A local-first site hygiene CLI for sitemaps, robots files, internal links, metadata, and privacy-safe release checks.
sitectl is for people who want to inspect a site before publishing it without sending
page content to a hosted scanner, SEO dashboard, analytics service, or browser extension.
It crawls a local static build or HTTP target, checks the site surfaces that search engines
and users depend on, and reports problems in a terminal-friendly format that also works in CI.
The goal is simple: catch broken discovery, broken navigation, and accidental sensitive-data exposure before a site ships.
Site release checks are often split across hosted SEO tools, one-off scripts, and manual browser testing. That works until you need a repeatable command that can run locally, in CI, and against a private build artifact.

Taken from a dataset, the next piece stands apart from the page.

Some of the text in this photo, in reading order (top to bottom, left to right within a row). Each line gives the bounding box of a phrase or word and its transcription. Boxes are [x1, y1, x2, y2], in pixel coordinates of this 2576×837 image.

sitectl keeps that workflow close to the project:
- Crawl static folders like
./dist,./public, or./build - Crawl HTTP targets like local dev servers or staging URLs
- Generate and validate
sitemap.xml - Validate
robots.txt - Check internal links and anchors
- Flag missing metadata and canonical mismatches
- Scan HTML, headers, and selected static assets for likely exposed secrets
- Emit deterministic JSON for automation
sitectl is local-first by default.
- No telemetry
- No third-party service calls
- No uploaded page content
- No external link checking in v1
- Likely secrets are redacted in findings
- HTTP commands print a network summary when requests are made
When you point sitectl at a folder, it reads local files only. When you point it at a URL,
it crawls same-origin pages and blocks external navigation.
Only run sitectl against sites, systems, and build artifacts you own or are authorized to
test. Even though sitectl is designed to be conservative and same-origin by default, it
still performs automated crawling and HTTP requests when pointed at a URL.

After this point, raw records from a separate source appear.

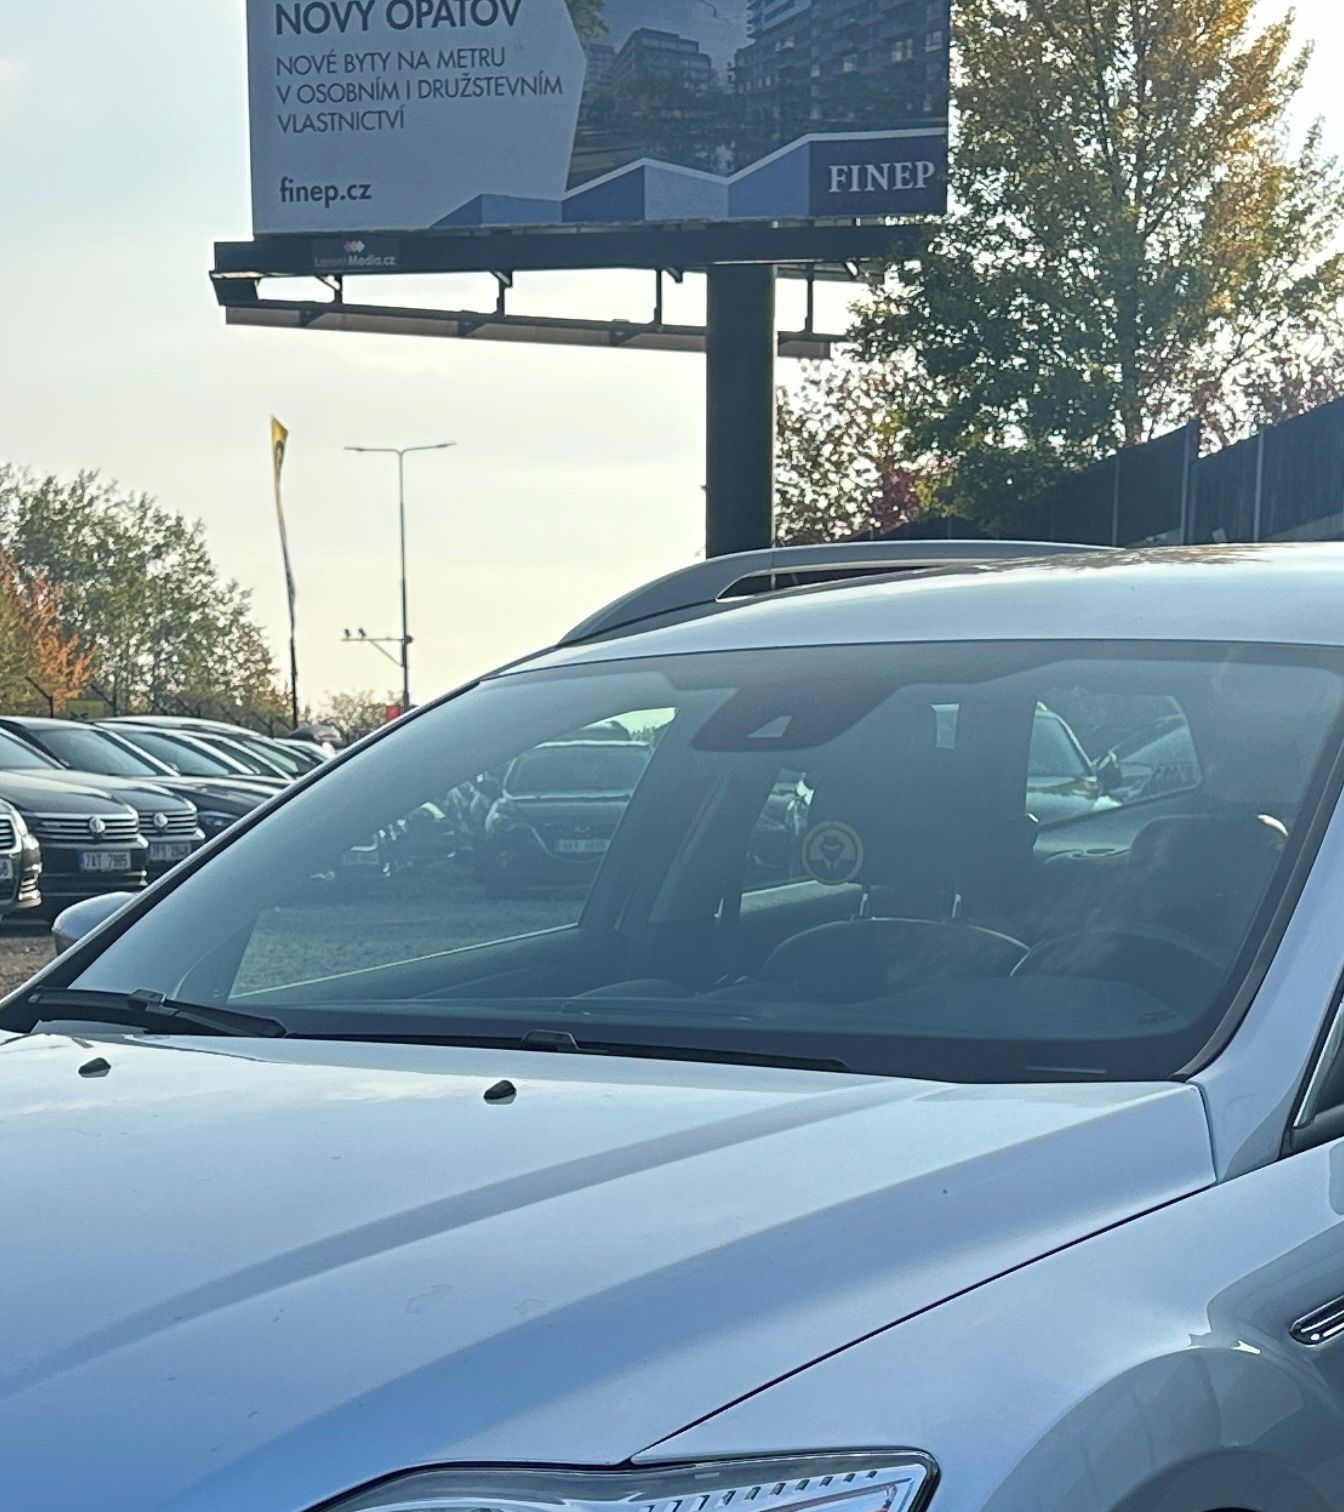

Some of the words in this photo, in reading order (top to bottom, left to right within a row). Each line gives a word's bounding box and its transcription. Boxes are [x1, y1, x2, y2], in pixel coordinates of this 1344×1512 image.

[276, 50, 337, 76] NOVÉ
[344, 52, 392, 74] BYTY
[397, 50, 431, 71] NA
[436, 46, 506, 69] METRU
[277, 84, 291, 104] V
[297, 76, 400, 104] OSOBNÍM
[417, 70, 563, 99] DRUŽSTEVNÍM
[277, 105, 405, 133] VLASTNICTVÍ
[280, 176, 372, 209] finep.cz
[828, 160, 936, 193] FINEP

The recommended install path matches the other Offband Python CLI tools:
brew install pipx
pipx ensurepath
pipx install git+https://github.com/offband/sitectl.gitAfter installing, restart your shell if pipx ensurepath asks you to, then run:
sitectl --helpUpgrade from GitHub:
pipx upgrade sitectlUninstall:
pipx uninstall sitectlThis repo uses uv.
git clone https://github.com/offband/sitectl.git
cd sitectl
uv sync --extra devRun checks:
uv run pytest
uv run ruff check .Run the CLI from the repo:
uv run sitectl --helpFor a live or local HTTP site, put the URL directly after the command:
sitectl crawl https://example.com
sitectl audit https://example.comUse --base-url only when the target is a local folder and sitectl needs to map files
to public URLs.
Audit a static build folder:
sitectl audit ./dist --base-url https://example.comFor local folder sitemaps, run from the folder that represents the web root, or pass that
folder directly. If your site lives at ~/Sites/example.com, use:
sitectl sitemap generate ~/Sites/example.com --base-url https://example.com --output sitemap.xmlRunning from the parent folder, such as ~/Sites, will include the child folder name in
generated URLs.
Write a JSON audit report:
sitectl audit ./dist --base-url https://example.com --output audit.json
sitectl report audit.jsonGenerate a sitemap:
sitectl sitemap generate ./dist \
--base-url https://example.com \
--output sitemap.xmlValidate existing discovery files:
sitectl sitemap validate ./dist/sitemap.xml
sitectl robots validate ./dist/robots.txtCheck internal links:
sitectl links check ./dist --base-url https://example.comAudit a local dev server:
sitectl audit http://localhost:3000| Command | Purpose |
|---|---|
sitectl crawl TARGET |
Crawl a local folder or same-origin HTTP target. |
sitectl audit TARGET |
Run the v1 site hygiene audit. |
sitectl report AUDIT_JSON |
Render a terminal summary from audit JSON. |
sitectl sitemap generate TARGET |
Generate sitemap XML from discovered pages. |
sitectl sitemap validate FILE_OR_URL |
Validate sitemap XML. |
sitectl robots validate FILE_OR_URL |
Validate robots.txt. |
sitectl links check TARGET |
Check internal links and anchors. |
sitectl config path |
Print resolved config file paths. |
sitectl config init |
Write a starter config to ~/.sitectl/config.toml. |
sitectl config show |
Print raw or resolved config. |
TARGET can be a local folder or an http:// / https:// URL.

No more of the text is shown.